WHAT NEEDS TO BE DONE:
Retype every entry below without any change.

GIVEN RECORDS:
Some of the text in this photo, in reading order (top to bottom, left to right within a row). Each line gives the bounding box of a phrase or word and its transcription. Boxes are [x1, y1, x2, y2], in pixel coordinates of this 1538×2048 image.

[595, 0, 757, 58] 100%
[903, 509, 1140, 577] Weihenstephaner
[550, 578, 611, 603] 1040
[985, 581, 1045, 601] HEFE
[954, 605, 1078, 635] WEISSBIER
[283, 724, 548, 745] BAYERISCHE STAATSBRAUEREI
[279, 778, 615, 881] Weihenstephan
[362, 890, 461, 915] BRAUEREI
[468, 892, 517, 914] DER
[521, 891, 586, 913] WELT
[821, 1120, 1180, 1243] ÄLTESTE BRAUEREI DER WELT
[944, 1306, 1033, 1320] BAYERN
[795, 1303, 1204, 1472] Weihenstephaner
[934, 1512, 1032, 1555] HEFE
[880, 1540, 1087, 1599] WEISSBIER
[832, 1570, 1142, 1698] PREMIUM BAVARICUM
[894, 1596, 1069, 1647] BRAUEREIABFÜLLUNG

SOLUTION TO THIS PROBLEM:
Some of the text in this photo, in reading order (top to bottom, left to right within a row). Each line gives the bounding box of a phrase or word and its transcription. Boxes are [x1, y1, x2, y2], in pixel coordinates of this 1538×2048 image.

[595, 0, 757, 58] 100%
[903, 509, 1140, 577] Weihenstephaner
[550, 578, 611, 603] 1040
[985, 581, 1045, 601] HEFE
[954, 605, 1078, 635] WEISSBIER
[283, 724, 548, 745] BAYERISCHE STAATSBRAUEREI
[279, 778, 615, 881] Weihenstephan
[362, 890, 461, 915] BRAUEREI
[468, 892, 517, 914] DER
[521, 891, 586, 913] WELT
[821, 1120, 1180, 1243] ÄLTESTE BRAUEREI DER WELT
[944, 1306, 1033, 1320] BAYERN
[795, 1303, 1204, 1472] Weihenstephaner
[934, 1512, 1032, 1555] HEFE
[880, 1540, 1087, 1599] WEISSBIER
[832, 1570, 1142, 1698] PREMIUM BAVARICUM
[894, 1596, 1069, 1647] BRAUEREIABFÜLLUNG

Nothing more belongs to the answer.